The next day, Trump posted on his Truth Social platform that he had spoken with Russian President Vladimir Putin and that the two sides would “start negotiations immediately.” Zelenskyy had not been informed about the call beforehand. That same day, Defense Secretary Pete Hegseth said in a speech in Germany that it was unrealistic to think Ukraine would recover all its territory, that it was unlikely to ever join NATO, and that future defense guarantees for Ukraine would not be provided by US or NATO troops. In some sense, Hegseth was only saying out loud what many had long been saying privately, but critics charged that he was effectively making concessions to Russia before talks even began. (Hegseth partly walked back the remarks.)
Then, at the annual Munich Security Conference last weekend, Vice President JD Vance, gave a speech that barely mentioned the war at all and suggested that censorship and restrictions on far-right political parties were a greater threat to Europe than Russia. At Munich, Zelenskyy rejected a US proposal that Ukraine sign away rights to half of its critical minerals in exchange for military support, citing a lack of defense guarantees as part of the deal.
On Tuesday, US and Russian negotiators met in Riyadh, Saudi Arabia, for talks, not only on the war but also on reestablishing diplomatic and economic links between the two superpowers. Zelenskyy canceled a planned trip to Saudi Arabia in protest of Ukraine’s exclusion from the talks.
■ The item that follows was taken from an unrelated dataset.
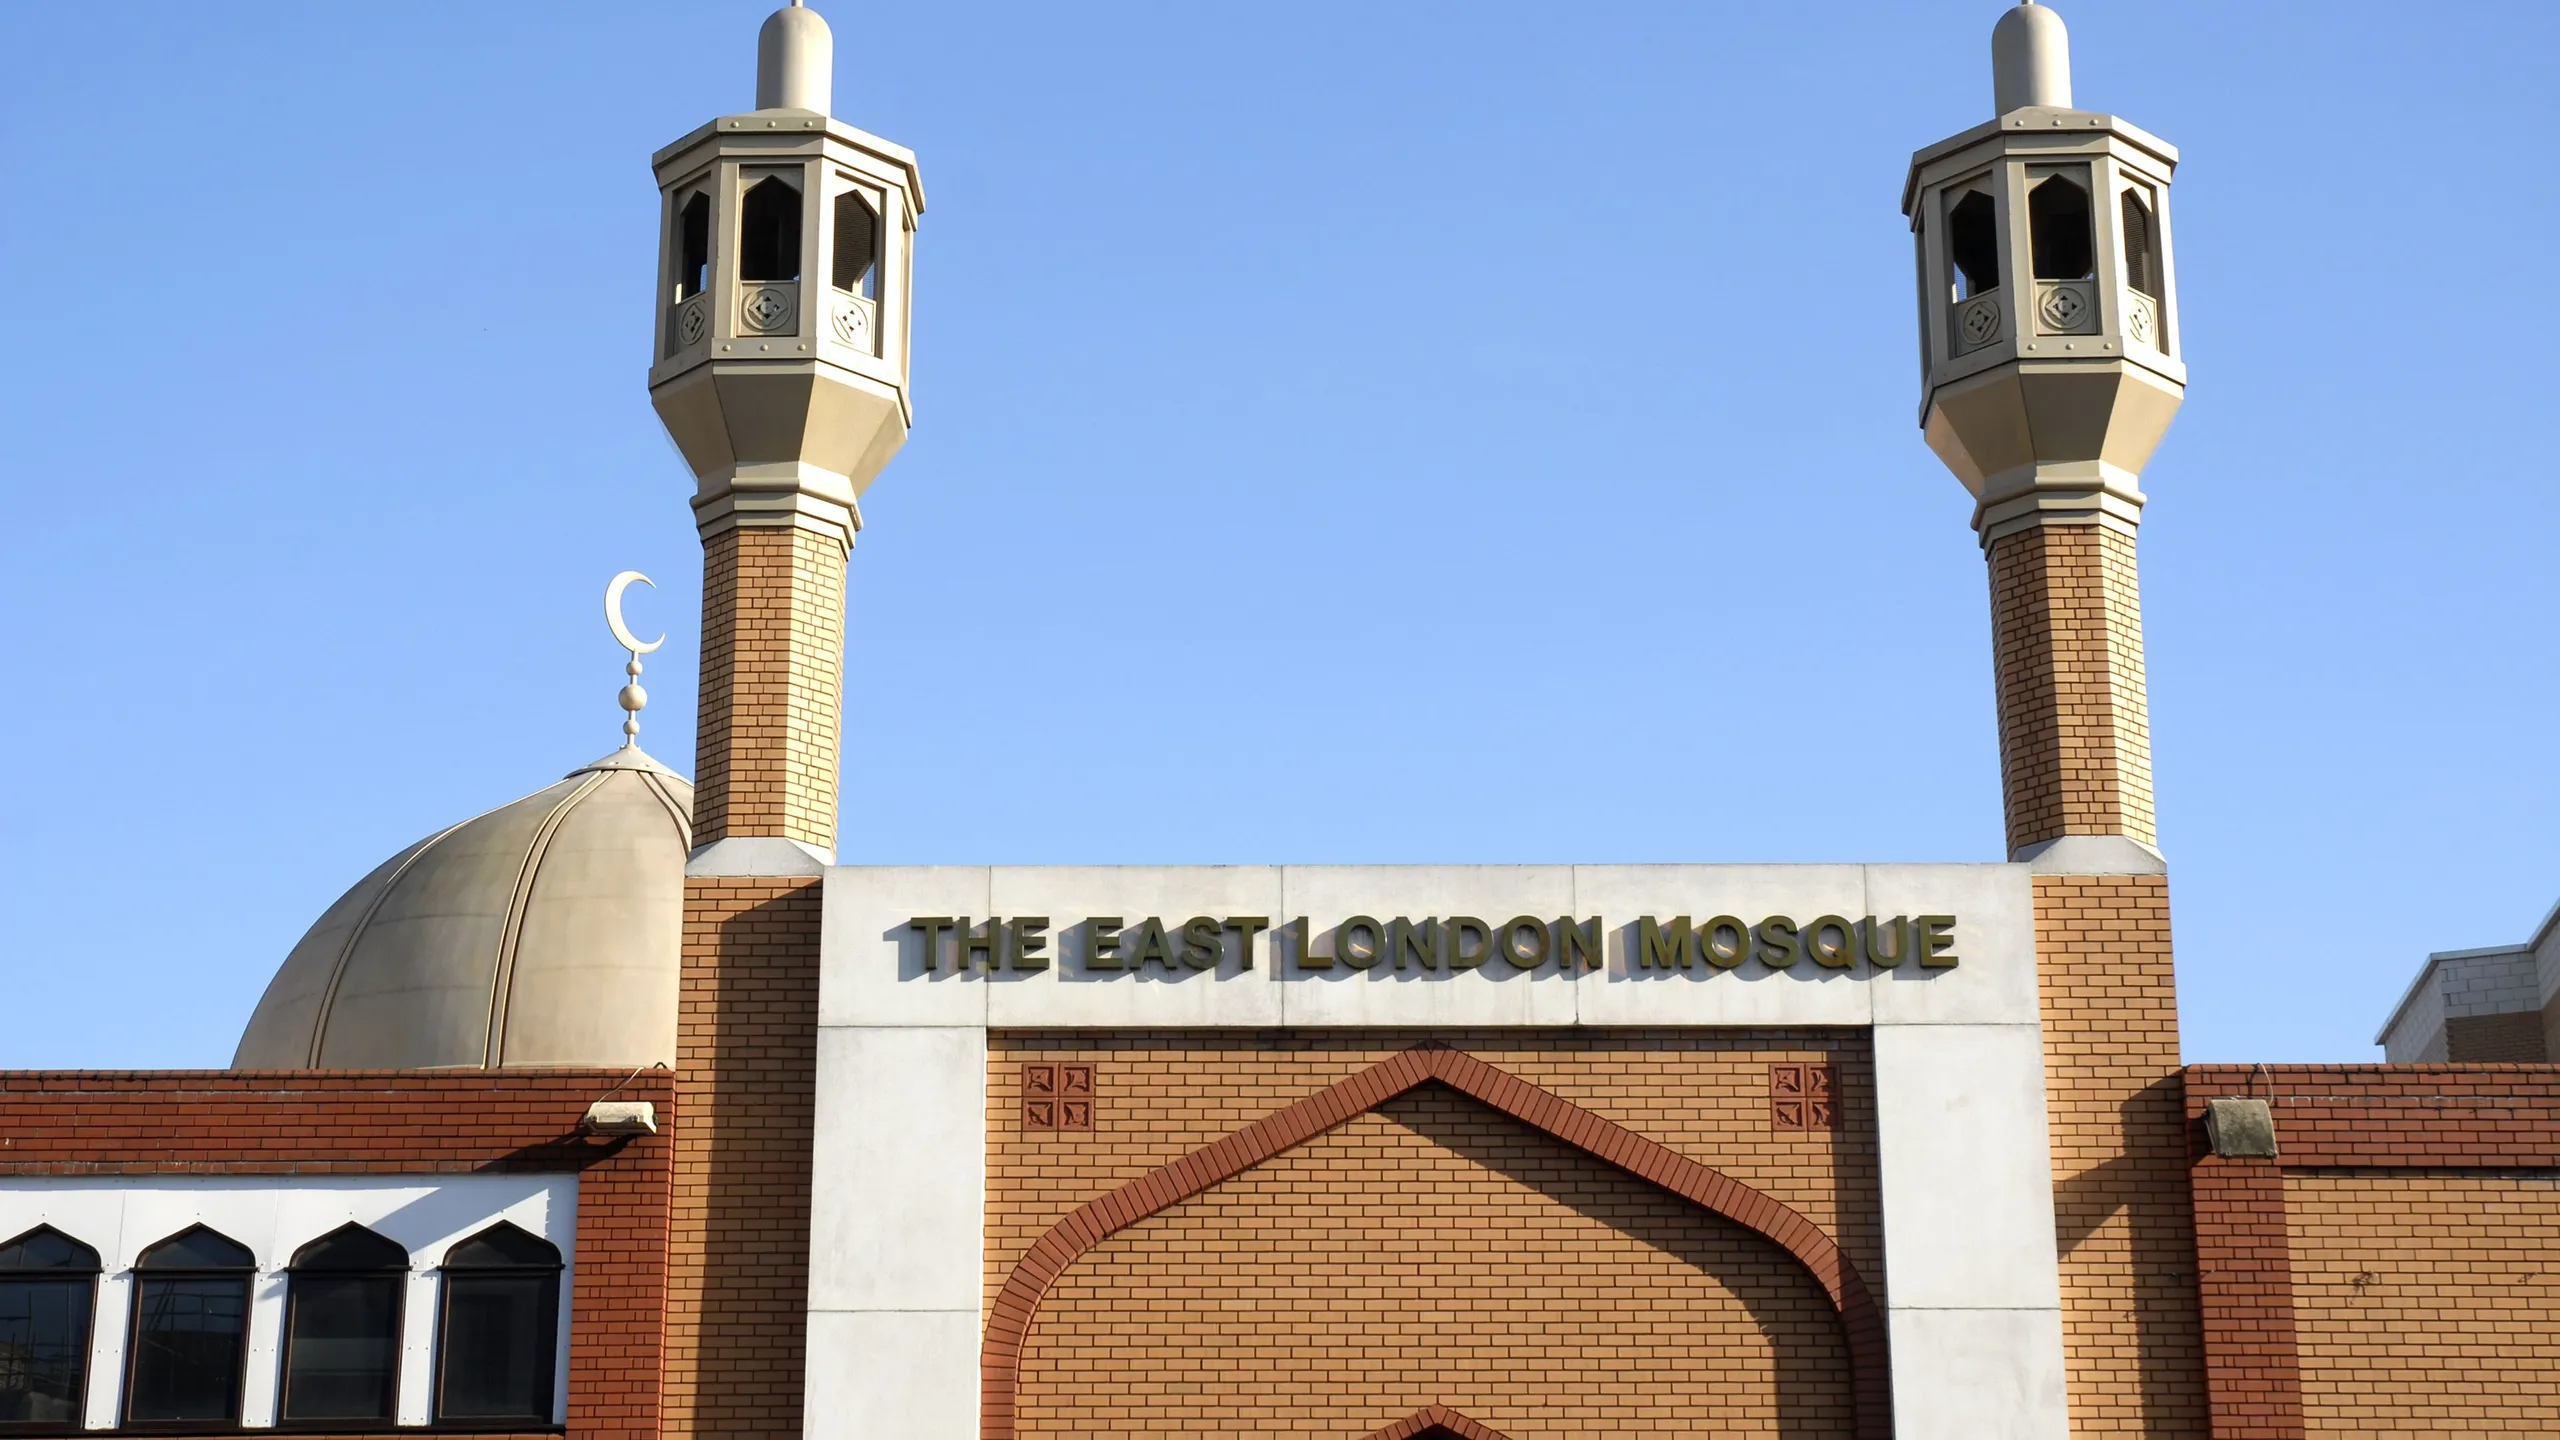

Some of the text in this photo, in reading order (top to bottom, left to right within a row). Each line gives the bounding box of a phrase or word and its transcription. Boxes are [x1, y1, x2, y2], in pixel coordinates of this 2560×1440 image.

[911, 914, 1959, 971] THE EAST LONDON MOSQUE
“One thing everyone has been saying forever — Biden, Trump, every congressman, senator, secretary of state — is ‘no negotiations for Ukraine without Ukraine,’” Oleksandra Ustinova, a Ukrainian member of parliament, told Vox. “Now we see at the table: There’s Russia sitting next to the US. No Ukraine at the table.”
Adding insult to injury, Trump gave a press conference on Tuesday in which he made several false claims about Ukraine that seemingly echo Russian talking points:
- Trump blamed Ukraine for having started the war that began with Russia’s invasion of Ukraine’s territory.
- He said that the US has provided Ukraine with $350 billion in aid, far more than Europe has provided. (The US has provided Ukraine around $118 billion — less than Europe’s $137 billion when both military and economic aid are included.)
- He said that Zelenskyy’s popularity is around 4 percent. (He’s lost support since the start of the war, but most surveys still have him above 50 percent.)
Trump also seemingly confirmed reports that the US is pushing Ukraine to hold new presidential elections before the formal end of the war.
Then things got personal. After Zelenskyy said Trump was living in a Russian-created “disinformation space,” Trump responded with a Truth Social post calling Zelenskyy a “modestly successful comedian” and a “dictator without elections.”
In short, the Trump-Ukraine policy that the country’s defenders feared — one that is overly deferential to Russia and pushes for a quick deal, even at the cost of Ukraine’s sovereignty — appears to be coming to fruition.
But is that really what’s happening? And if so, what can Ukraine — and perhaps even more importantly, European countries — do about it?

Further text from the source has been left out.